In the additional infertile cohorts, we identified 17 LoF mutations in our DNM LoF-intolerant genes (pLI ≥ 0.9), although we did not detect a statistical enrichment in the LoF mutations in these genes compared to fertile men (Two-tailed Fisher’s Exact test with Bonferroni correction adjusted p values >0.05, Supplementary Data 3, 4). Next, we looked for an enrichment of rare predicted pathogenic missense mutations in these cohorts (Table 2 and Supplementary Data 5, 6). A total of 11 genes showed an enrichment of pathogenic missense mutations in infertile men compared to fertile men (Two-tailed Fisher’s Exact test, p value < 0.05, Table 2). After applying the Bonferroni correction to counteract the effects of multiple testing, however, the only significant enrichment was observed in the RBM5 gene (adjusted p value = 0.03). In this gene, six infertile men were found to carry a rare pathogenic missense mutation, in addition to the proband with a de novo missense mutation (Supplementary Fig. 8, Supplementary Data 7). Importantly, no such predicted pathogenic mutations were identified in men in the fertile cohort. In line with these results, RBM5, already highlighted above as an essential regulator of male germ cell pre-mRNA splicing and male infertility26, is highly intolerant to missense mutations (missense Z-score 4.17).
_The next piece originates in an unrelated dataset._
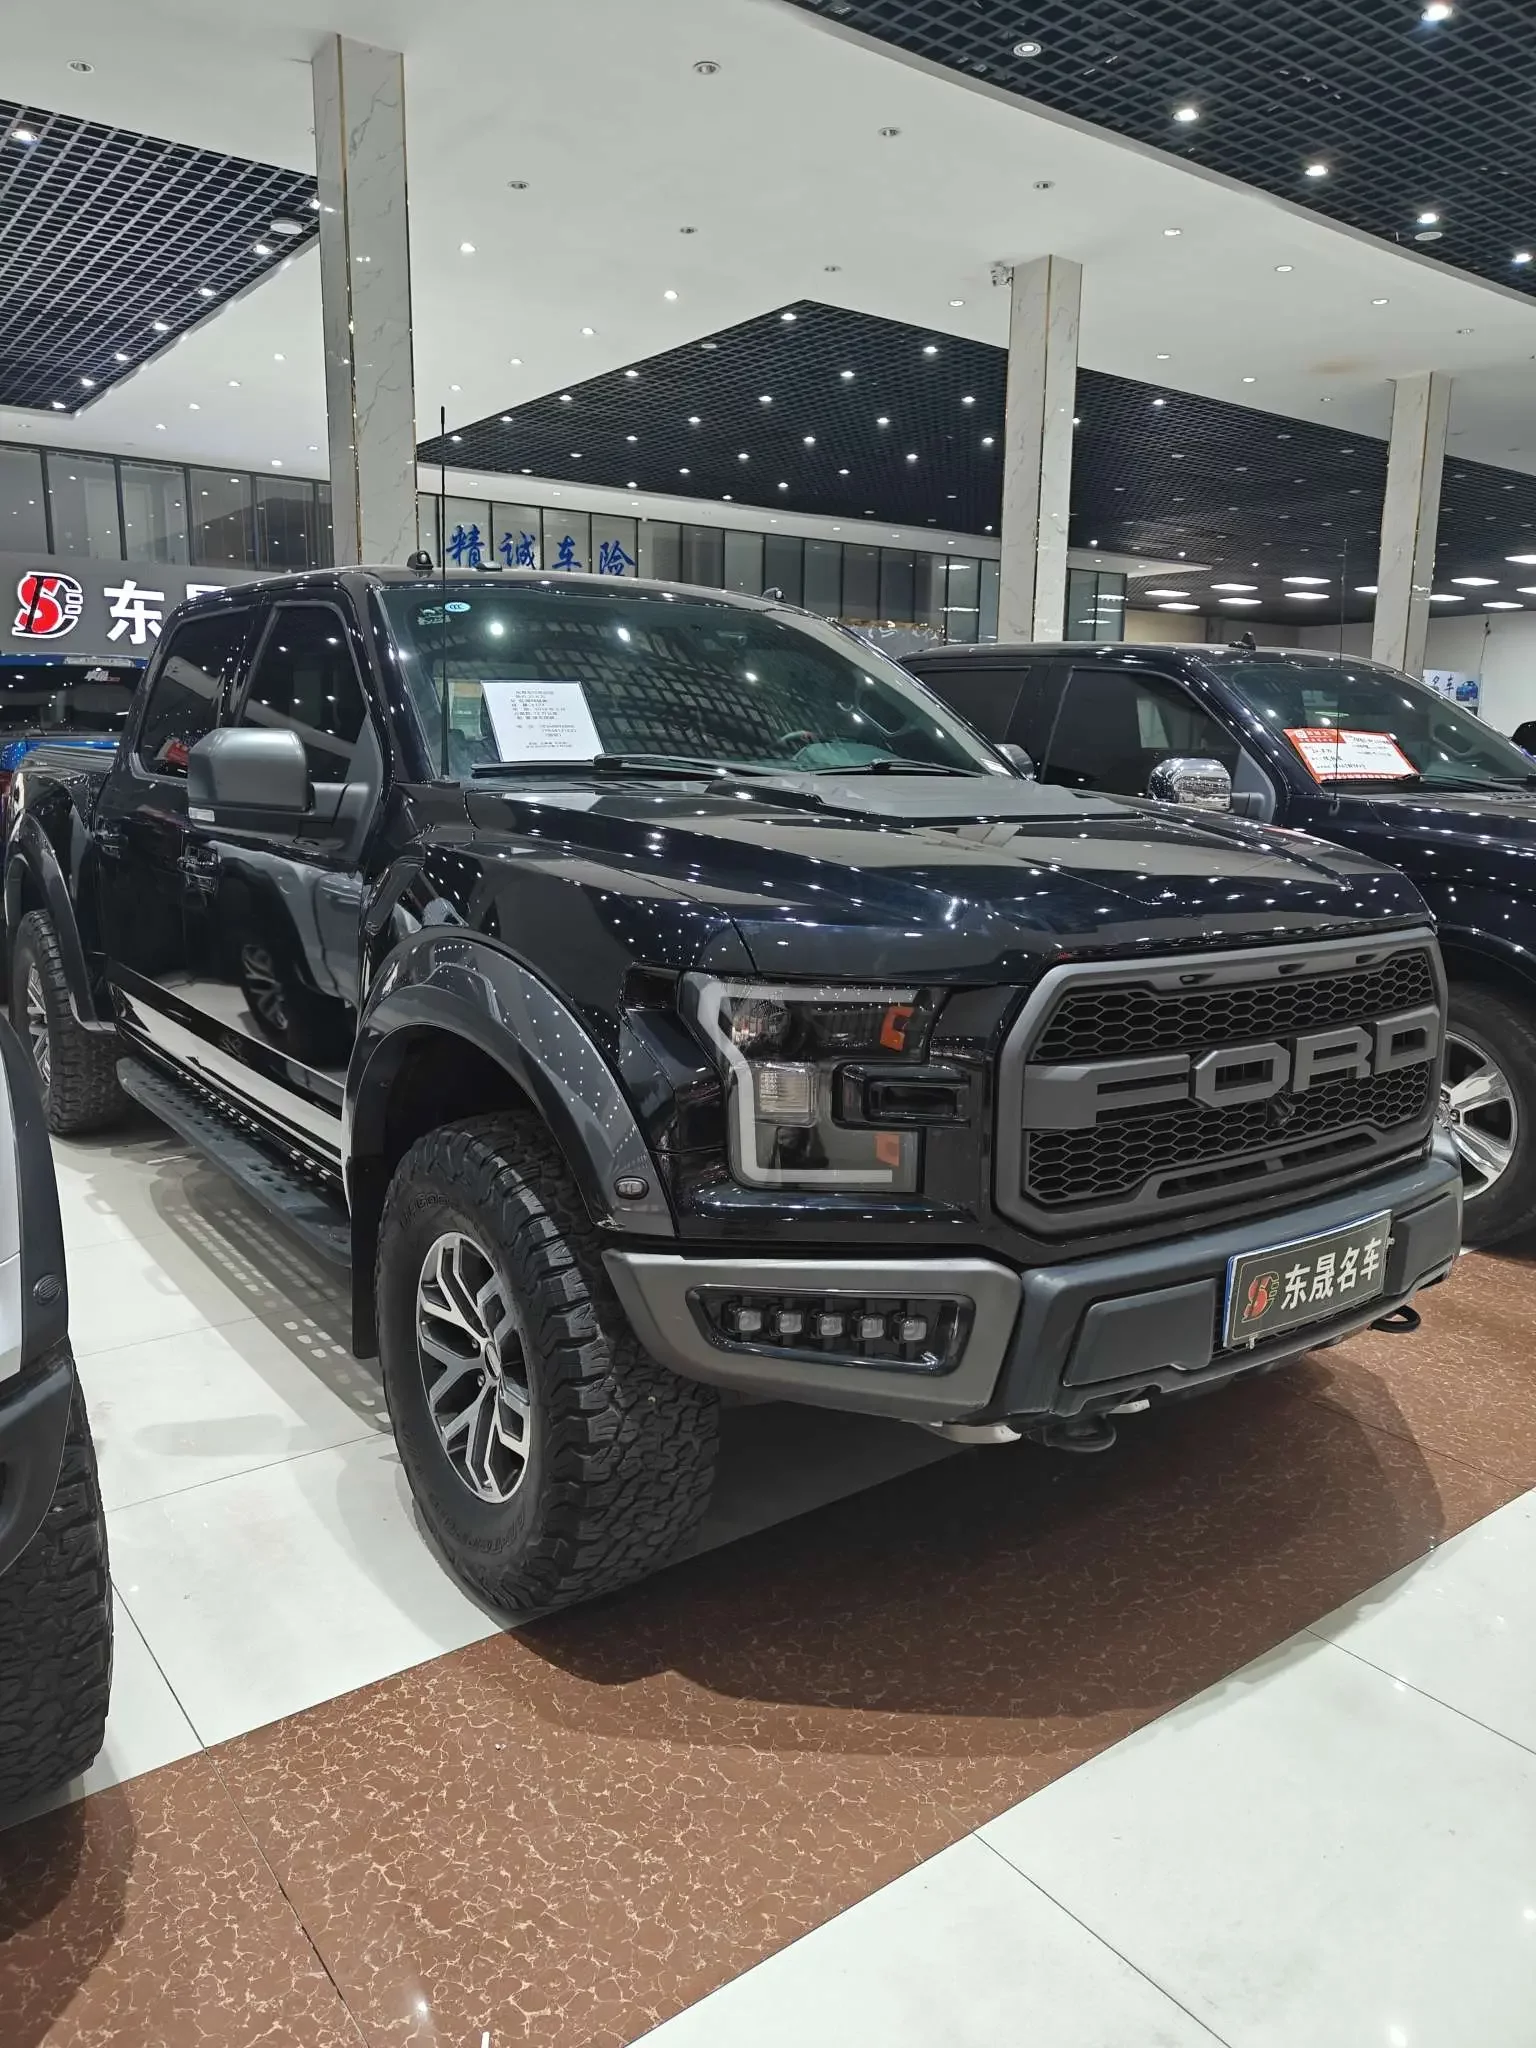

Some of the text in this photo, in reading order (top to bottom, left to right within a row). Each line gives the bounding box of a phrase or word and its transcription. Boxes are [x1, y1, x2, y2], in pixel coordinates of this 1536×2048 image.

[446, 524, 636, 577] 精诚车险
[1022, 1004, 1440, 1130] FORD
[1281, 1237, 1382, 1310] 东晟名车
In addition to the comparison between fertile and infertile men, we investigated whether there was any difference between the number of predicted pathogenic mutations carried in fertile men compared to fertile women. However, none of the DNM genes showed a significant difference between the sexes (Two-tailed Fisher’s Exact test with Bonferroni correction adjusted p values = 1, Supplementary Data 3, 5).
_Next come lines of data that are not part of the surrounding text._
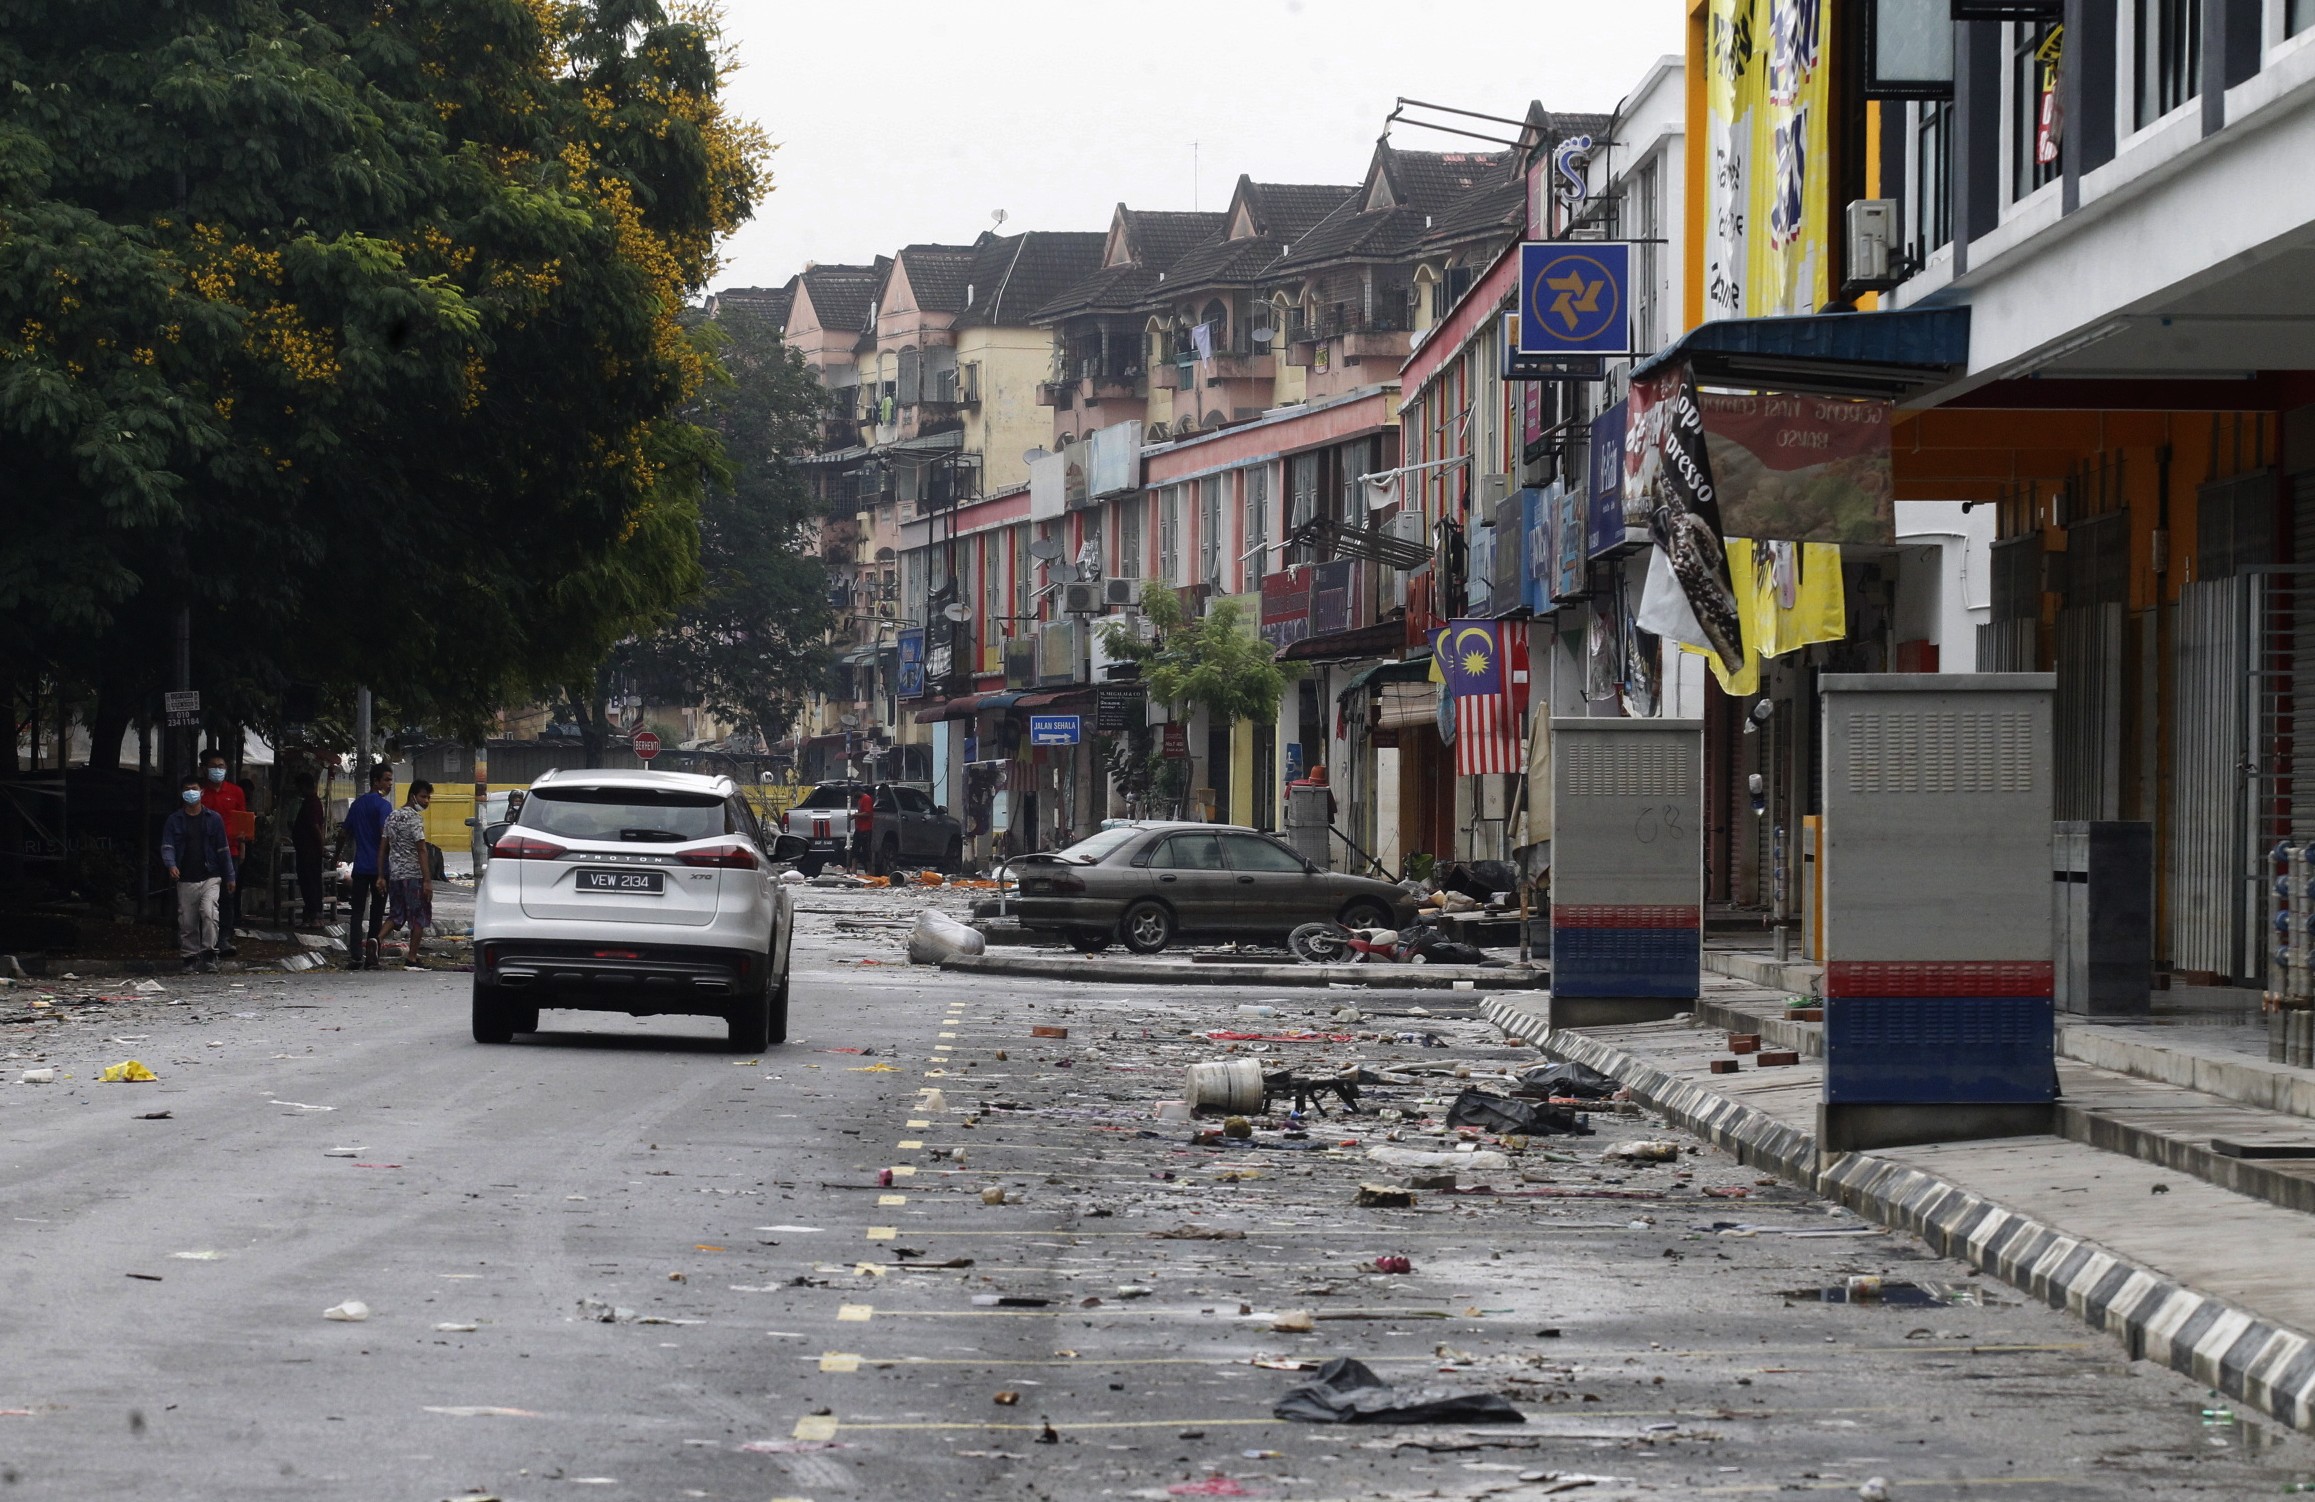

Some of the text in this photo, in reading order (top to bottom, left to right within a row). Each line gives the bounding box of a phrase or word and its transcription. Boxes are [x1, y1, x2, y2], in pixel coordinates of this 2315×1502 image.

[176, 711, 190, 719] 010
[168, 717, 200, 727] 234 1184
[1034, 721, 1076, 731] JALAN SEHALA
[635, 740, 659, 751] BERHENTI
[579, 854, 662, 863] PROTON
[591, 873, 650, 888] VEW 2134
[689, 873, 713, 881] X70
Phasing of de novo mutations to identify parent of origin
Given the predicted impact of these DNMs on spermatogenesis, we were interested in investigating the parental origin of DNMs in our trio cohort. We were able to phase 29% (n = 59) of all our DNMs using a combination of short-read WES and targeted long-read sequencing (Supplementary Table 1). In agreement with literature40,41,42,43, 72% of all DNMs occurred on the paternal allele. Interestingly, phasing of 8 likely causative DNMs showed that 6 of these were of paternal origin (75%). This suggests that DNMs with a deleterious effect on the future germline can escape negative selection in the paternal germline. This may be possible because the DNM occurred after the developmental window in which the gene is active, or the DNM may have affected a gene in the gamete’s genome that is critical for somatic cells supporting the (future) germline. Transmission of pathogenic DNMs may also be facilitated by the fact that from spermatogonia onwards, male germ cells form cysts and share mRNAs and proteins44. As such, the interconnectedness of male germ cells, which is essential for their survival45, could mask detrimental effects of DNMs occurring during spermatogenesis.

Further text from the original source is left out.